Fig. 5. ANXA1 co-localizes with the p65 subunit of NF-κB in response to NO-ASA treatment.

A: BxPC-3 cells were treated for 2 h with NO-ASA 10 µM (NO-ASA10) or 20 µM (NO-ASA20), fixed with 4% paraformaldehyde and reacted with mouse anti-ANXA1 mAb and anti-p65 rabbit mAb, which do not cross-react with each other, followed by Alexa 555 (anti-mouse; red fluorescence)- and Alexa 488 (anti-rabbit; green fluorescence)-conjugated secondary antibodies and examined by confocal microscopy. Co-localization of the two proteins generates yellow fluorescence.
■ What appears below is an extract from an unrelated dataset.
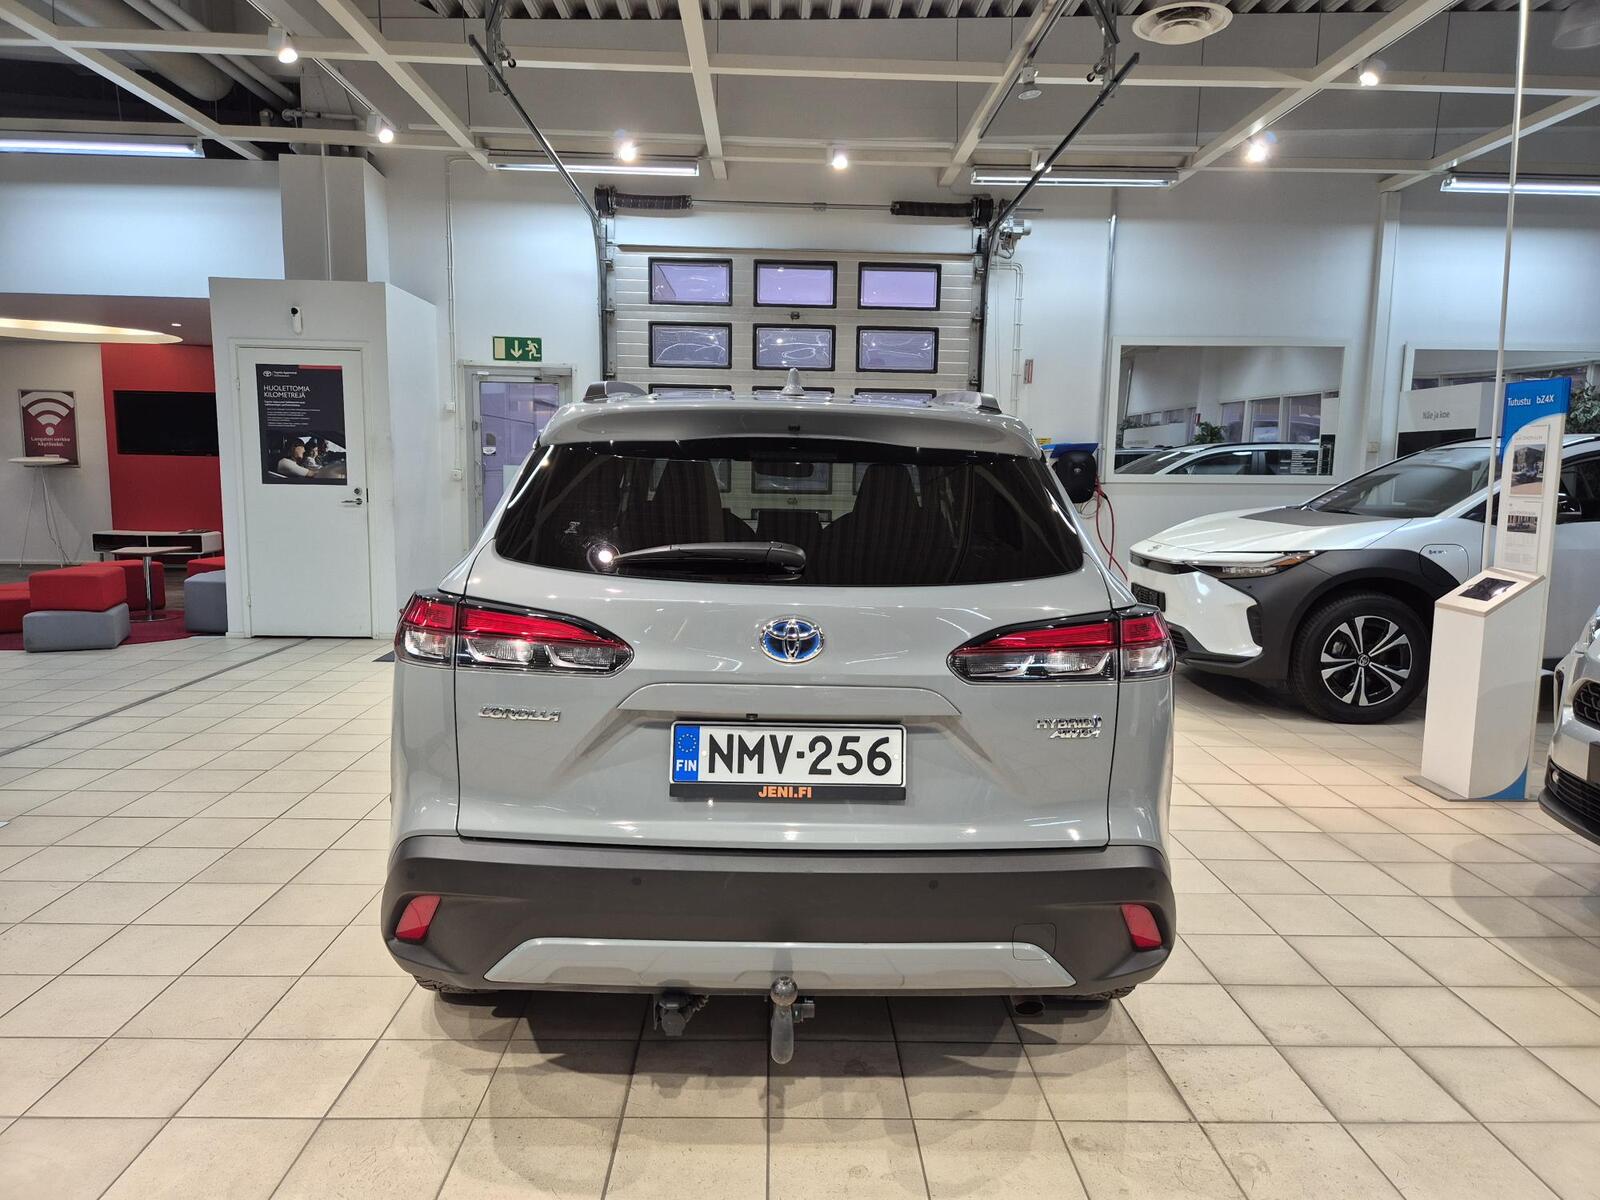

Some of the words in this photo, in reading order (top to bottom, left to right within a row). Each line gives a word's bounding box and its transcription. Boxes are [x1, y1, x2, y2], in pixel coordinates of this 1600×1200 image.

Score graph panels show the fluorescence intensity of p65 alone (a); ANXA1 alone (b); or of both when co-localized (c). B: Min mice (n= 6) and C57BL/6J wild type (WT) mice (n=6) were treated with vehicle (Veh), or NO-ASA 100 mg/kg or dexamethasone 10 mg/kg intraperitoneally, 26 and 2 h before sacrifice. NF-κB activity was determined by ELISA in protein extracts from small intestinal epithelial cells of these mice. Values are mean±SD (*P<0.05 and **P<0.01). C: Protein cell lysates from small intestinal epithelial cells from each animal were immunoprecipitated using an anti-p65 mAb and immunoblotted using an anti-ANXA1 mAb. Representative examples from wild type and Min mice are shown. D: Single small intestinal epithelial cells from Min mice were analyzed by confocal microscopy. Yellow color indicates co-localization of ANXA1 and p65.